What happened was that, from the elites, these inequalities have not been shown and neither have these elites been interested in discussing them, ”says Avilés.
"I think that now, in these particular elections, the feeling is very strong that those who finally decide who governs are quite backward business groups."
It is unlikely that the winners of the elections will be defined, at least for the position of President, on Sunday, since the vote is divided into several candidates.
A second round is expected to take place.
The next government will inherit a difficult economic situation and it is made more complicated by the political situation, says Pedro Tuesta, a Peruvian economist and independent consultant.
In order to regain lost ground, the country will depend on foreign trade and rapid vaccination, but there is a risk that Congress will end up divided into so many parties that they will not agree on how to achieve it.

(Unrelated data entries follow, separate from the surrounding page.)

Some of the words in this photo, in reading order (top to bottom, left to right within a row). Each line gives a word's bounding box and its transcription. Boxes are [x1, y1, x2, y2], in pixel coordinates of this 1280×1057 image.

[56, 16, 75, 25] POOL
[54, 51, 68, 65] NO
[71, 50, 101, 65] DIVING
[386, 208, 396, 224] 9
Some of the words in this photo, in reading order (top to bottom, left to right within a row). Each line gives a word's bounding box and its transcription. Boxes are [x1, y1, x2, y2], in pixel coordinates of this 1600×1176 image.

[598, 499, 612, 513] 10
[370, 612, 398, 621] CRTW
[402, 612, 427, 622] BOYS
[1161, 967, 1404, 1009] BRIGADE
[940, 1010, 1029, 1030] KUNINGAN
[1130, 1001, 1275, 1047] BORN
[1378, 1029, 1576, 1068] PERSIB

"The easiest thing would be that, before a Congress where there are members of 10 different political parties, the parties unite to pass populist measures, because everyone likes to spend," he points out, "a more rational long-term proposal does not generate votes in the short term ”.

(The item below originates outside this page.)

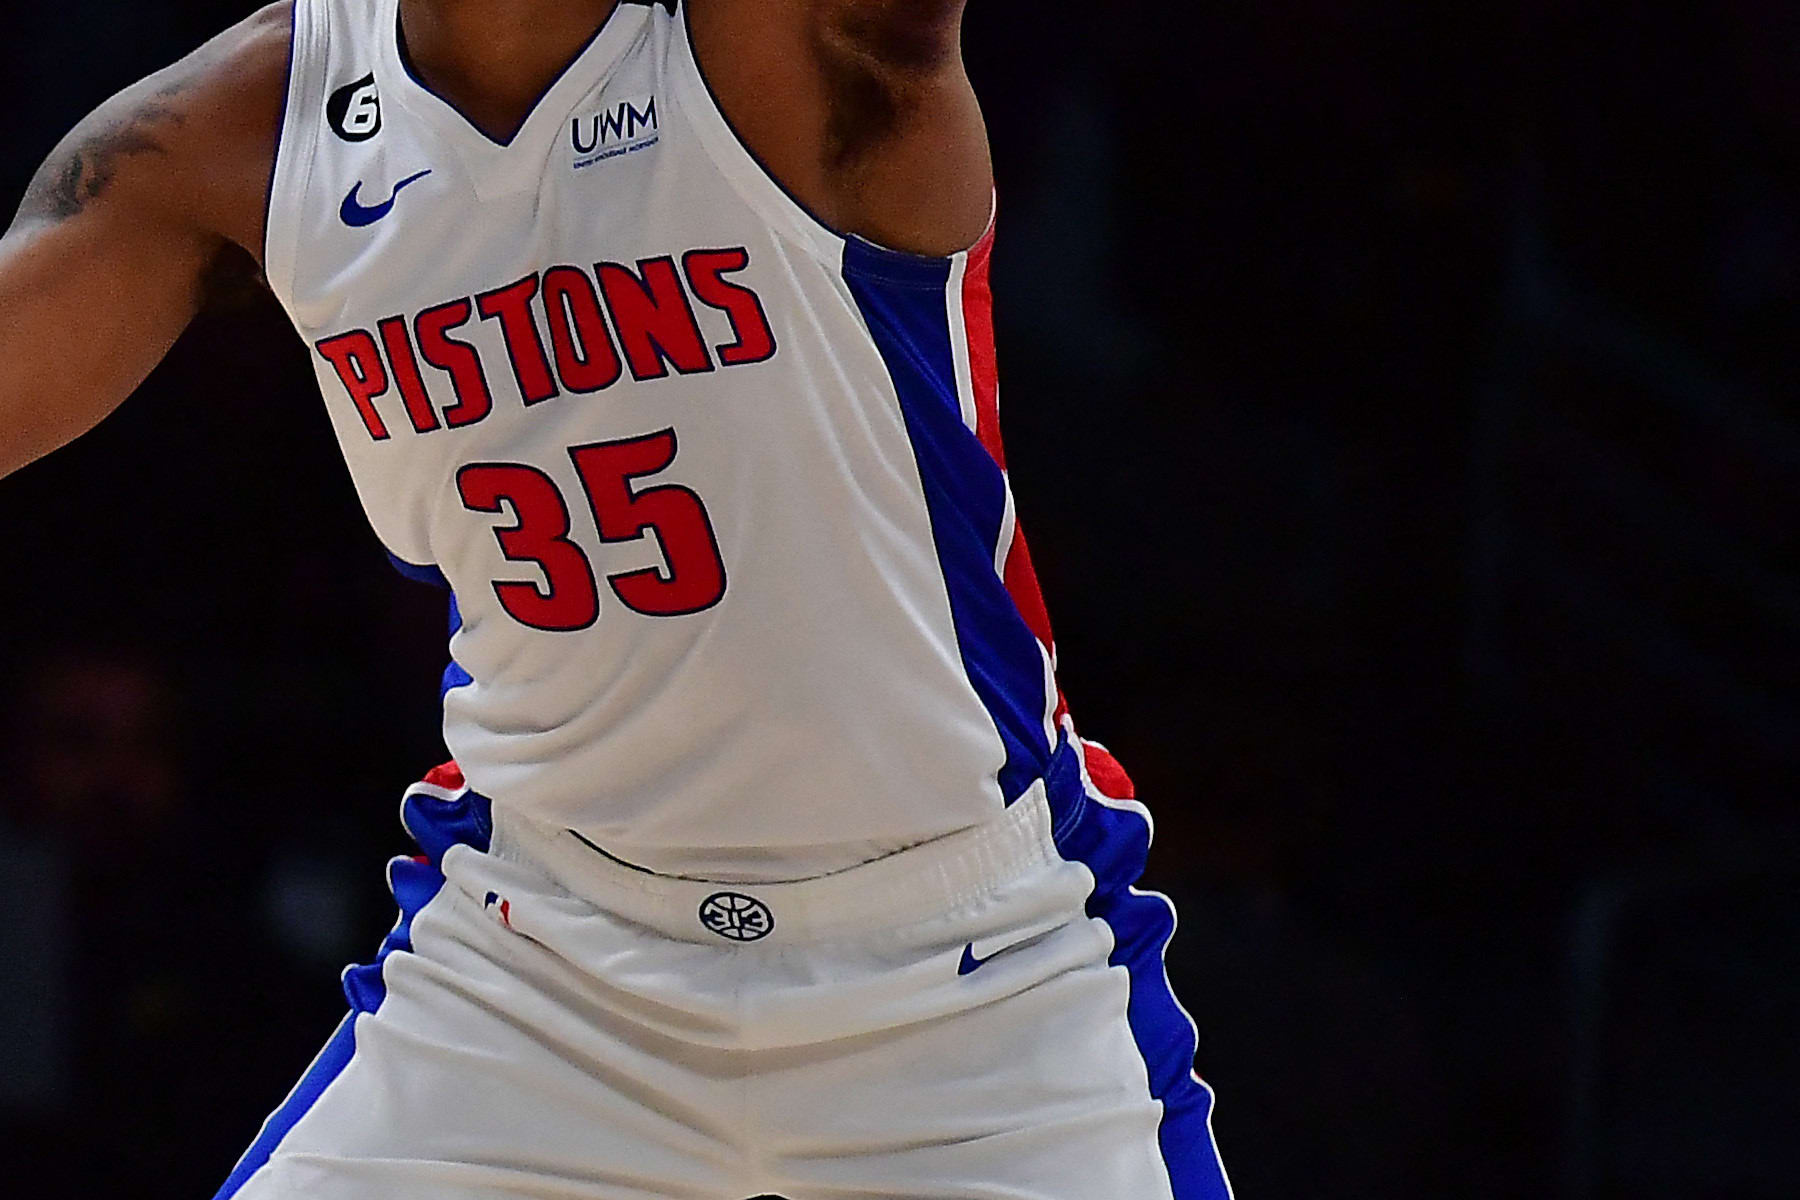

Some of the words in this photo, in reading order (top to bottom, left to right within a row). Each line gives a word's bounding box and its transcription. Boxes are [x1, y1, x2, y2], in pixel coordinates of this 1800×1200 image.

[341, 83, 378, 134] 6
[571, 95, 658, 154] UWM
[314, 246, 778, 441] PISTONS
[455, 426, 728, 632] 35

Higher spending has not guaranteed lower inequality or a better quality of life for Peru.
A year ago, Peru announced an ambitious economic aid package equivalent to 12% of its GDP as an emergency measure due to the pandemic, but the results were not as expected.
During the second quarter of the year, the economy fell by 30%, its worst fall in history, and a large part of the most vulnerable population did not receive help for operating in the informal sector.
“We are very concerned about the fact that this election is putting a lot of debate on a model that has served the country so well but that is being questioned, and that is on the edge of the abyss, in terms of possible constitutional changes, by means of a turnaround. public policies towards a little more populism, greater fiscal irresponsibility and a little hostility to the private sector ”, says Jaime Reusche, analyst of the credit risk of the sovereign debt of Peru in the Moody's rating agency.
"That is particularly dangerous from the point of view of qualification because it is something that we will be observing, not only during these elections on April 11, but also in the second round and what is the public policy agenda that the new Government brings at this very important moment, ”added Reusche.
But the hardest thing, Reusche points out, is the setback that the country is suffering.
"The little that could be advanced in terms of the generation of formal jobs will have been lost," says the specialist, "we are talking about a setback of almost a decade, in terms of social progress, because there was a lot of that economic growth it reached and filtered to many sectors of the population, not all of them, but a large number of them, which offered them greater income and better opportunities ”.
"It is this social progress that occurred which is going to generate enough demands from the population, and that is perhaps why we see this request or call from the population to fall into that temptation of populism," concludes Reusche, "because it is the easier way out to recover, in the eyes of the ordinary citizen, the progress of the last decade that was lost ”.